Вечером у ворот его поджидает низкорослый дедок. Щурясь, сообщает, что Илия — его сын, и предлагает поговорить. Они садятся на бревно, лежащее над обрывом против дома, внизу бушует поток невидной в сумерках Струмы, и речи старика кажутся такими же нескончаемыми и неотвязными, как ее шум.

— Давно ты живешь над этим грохотом? — спрашивает Сивриев. — Здесь и днем не выдерживаешь, не то что ночью. Какой же тут сон?

— Ко всему привыкаешь, — отвечает собеседник миролюбиво. — Да и примета такая есть: коли дом стоит над бурной водой — это беспременно к добру. Так себе и напиши. Тут всегда помнится, что человек на белом свете — всего лишь пылинка малая…

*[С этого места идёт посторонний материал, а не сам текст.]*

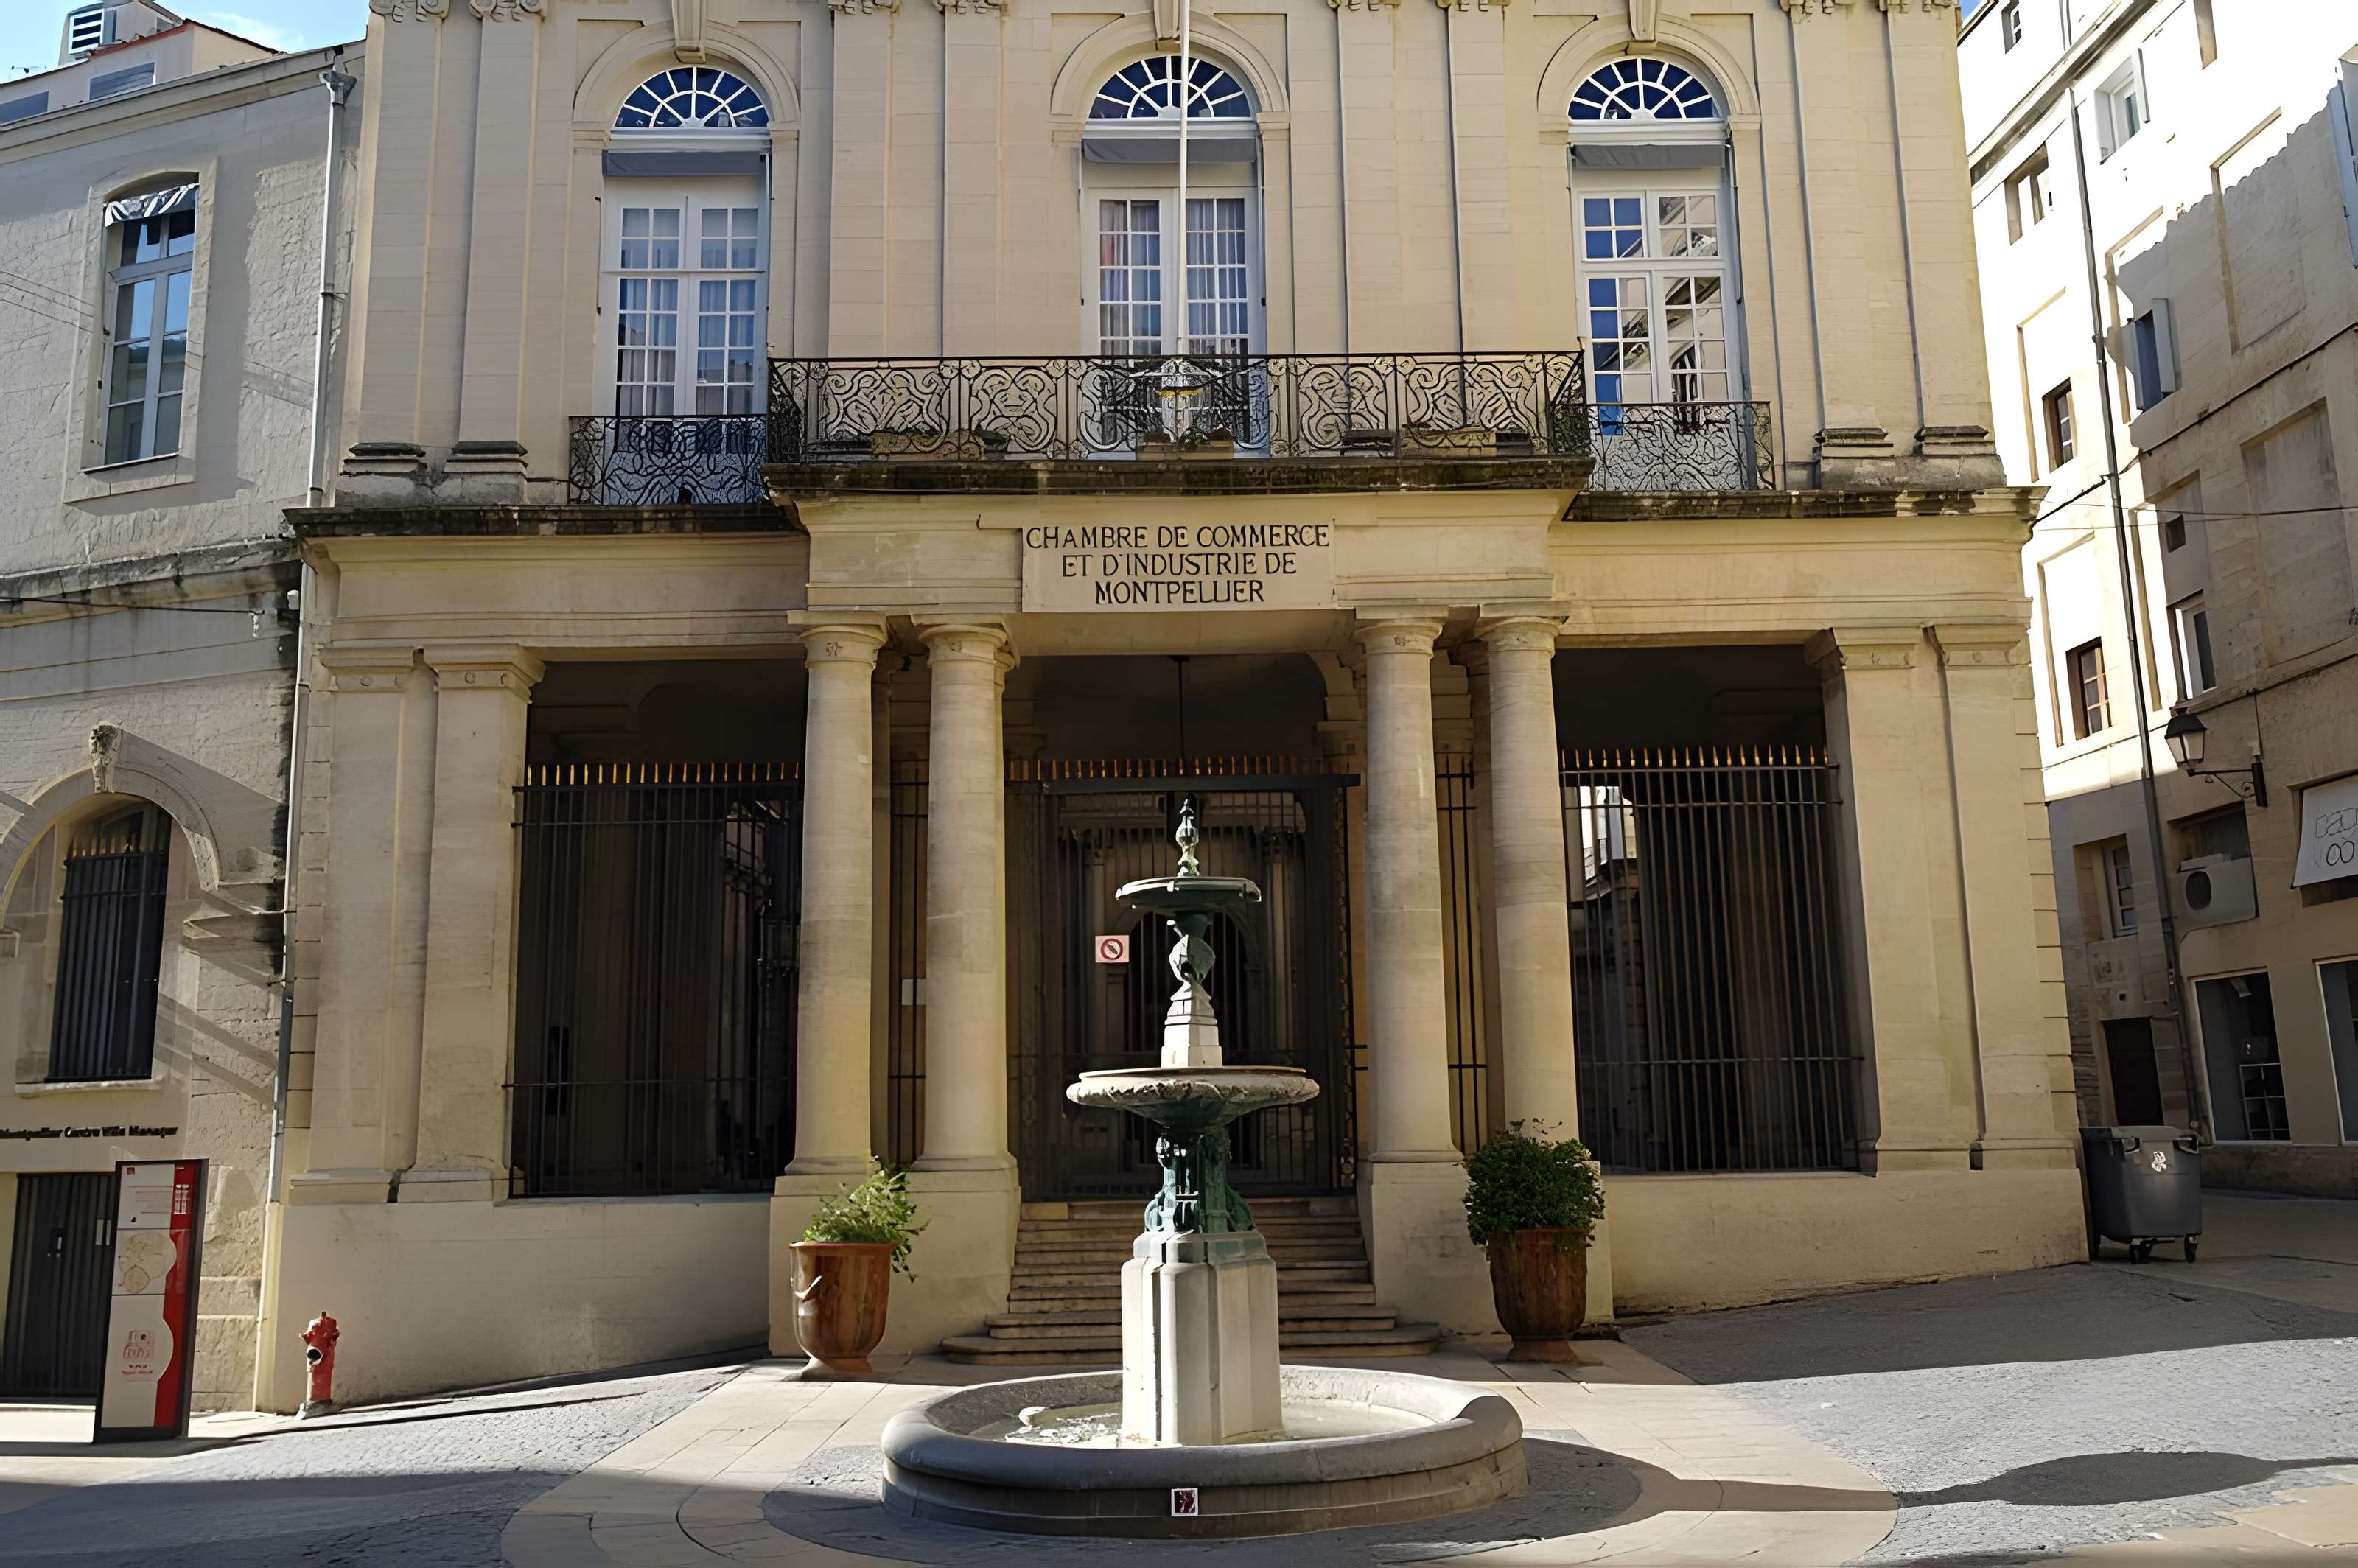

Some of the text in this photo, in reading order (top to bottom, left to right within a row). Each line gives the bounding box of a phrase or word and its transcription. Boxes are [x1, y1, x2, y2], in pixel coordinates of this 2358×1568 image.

Сивриев взглядывает на него удивленно, но дед Драган уже перешел к другой теме — рассказывает, как грузовик сбил курицу и курица эта, попав под заднее колесо, лопнула, точно камера автомобильная.

— Каждая животинка, — заключает он, — завидя смерть, к дому бежит. Так оно всему живому суждено — знать одно место на земле, свое собственное…

Потом он заводит новую байку и даже объясняет, почему именно ее хочет рассказать, но Сивриев уже устал от монотонной его болтовни. Он поднимается с бревна и идет к дому.

— И мой тебе совет, — продолжает дедок, семеня следом, — ежели работаешь с человеком, перво-наперво узнай, кто он да каков он. Ведь человек — не только то, что на виду, но и то, чего снаружи не видать. Он как то дерево: сколько над землей, столько же и под землею…

Утром Сивриев выходит нахмуренный, сердитый: всю ночь Струма билась под его окнами, не давала уснуть.

Дед Драган выскакивает из-за низенькой пристройки, подобно клопу прилепившейся к дому, и, указывая на противоположный склон, хихикает тонко и скрипуче, словно крякает:

— Хе-хе-хе!.. Вот и Цинигаро запел. Через денек-другой, помяни мое слово, явится третья сестра.

— Что за сестра?

— Хе, что за сестра! Чтоб ты понял, давай по порядку. Первая сестра поит мезгу древесную. Вторая — цветы распускает. А третья, меньшая, — самая буйная, от нее зеленеют трава и деревья. Слышишь, река бурлит, холм напротив — по прозванию Цинигаро — отвечает ей, звенит тоненько-тоненько, ровно паутинка на ветру: «Ви-у-у! И-у-у-у!» А это самый что ни на есть верный признак, что идет со стороны моря знойная волна.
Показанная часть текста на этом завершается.